There are tens of thousands of pieces of man-made debris, large and small, hurtling around the planet at astonishing speeds. The junk poses a risk to functioning satellites and the International Space Station. But, as they say, “one man’s trash is another man’s treasure."
The worst-case scenario when it comes to space junk is that it would hit something with people in it, like in the movie "Gravity." What’s much more likely to happen is that a crash in space would cost money, not lives. Satellites are expensive, and just like cars that are at risk of accidents, satellites have insurance.
“On the smaller spacecraft at the lower orbits, we definitely increased the premium for debris issues,” said Richard Parker, managing director of Assure Space. He said he doesn't know of any case where the insurance industry has had to pay out a claim of a debris accident. So insurers aren’t too worried about it yet.

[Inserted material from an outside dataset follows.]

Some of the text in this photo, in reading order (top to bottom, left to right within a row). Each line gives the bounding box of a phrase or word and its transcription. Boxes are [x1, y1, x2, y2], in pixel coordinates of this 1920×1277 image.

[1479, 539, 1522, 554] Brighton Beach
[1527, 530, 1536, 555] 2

But Parker expects it will only be a matter of time, probably "in the next five years." And when that happens, he thinks rates will go up pretty quickly. Unlike in car accidents, in space, it’s really hard to prove fault and get people to pay up.
“And I doubt whether the launching country is going to stand up and say, 'Please Mr. Insurer, we’d like to repay you all the money you’ve just paid out,'" Parker said.
Satellite insurance costs between 5 and 15 percent of the satellite’s value, and satellites can be worth hundreds of millions of dollars. To prevent expensive accidents, the focus now is on tracking the debris. It's the same principle as a morning traffic report: If you know it’s congested somewhere, you can take a different route.
Right now, the Air Force tracks about 23,000 orbiting space objects, including debris. Last year, Lockheed Martin won a $915 million contract to build a new tracking system. Steve Bruce, Lockheed's vice president of advance systems, said the "space fence" would be able to monitor hundreds of thousands of pieces of space junk.
"It will allow the U.S. Air Force to see much smaller objects, and it also has a much higher capacity,” he said. Bruce said the technology has other uses as well.
“So you could use it for detecting aircraft, you could use it for detecting weather, and so we’ll continue to expand our business in those domains," he said.
Other companies want to track space junk in space.
“Our plan is to have a ground-based architecture, but it will be complimented by a space-based architecture as well,” said Alvin Alexander, who runs Orion Applied Science and Technology.
His company is currently raising money for the first stage of the plan. Alexander said OrionAST could potentially track millions of pieces of space junk, even the tiny bits.
Down the road, the company wants to tackle the very difficult — and very expensive —process of removing some of the debris. Alexander said it’s important to start before there are more accidents.
“It’s not so common as of right now," he said. "However, all the trends indicate that it’s growing progressively worse. And how bad does bad need to get before we define a solution?”
Alexander and others warn if we ignore the problem, vital communication and national security infrastructure could be at risk. But, it is worth noting, businesses like his, Lockheed's and Assure's do have the potential to profit from that risk.
Correction: An earlier version of this story misstated Steve Bruce's title. The text has been changed.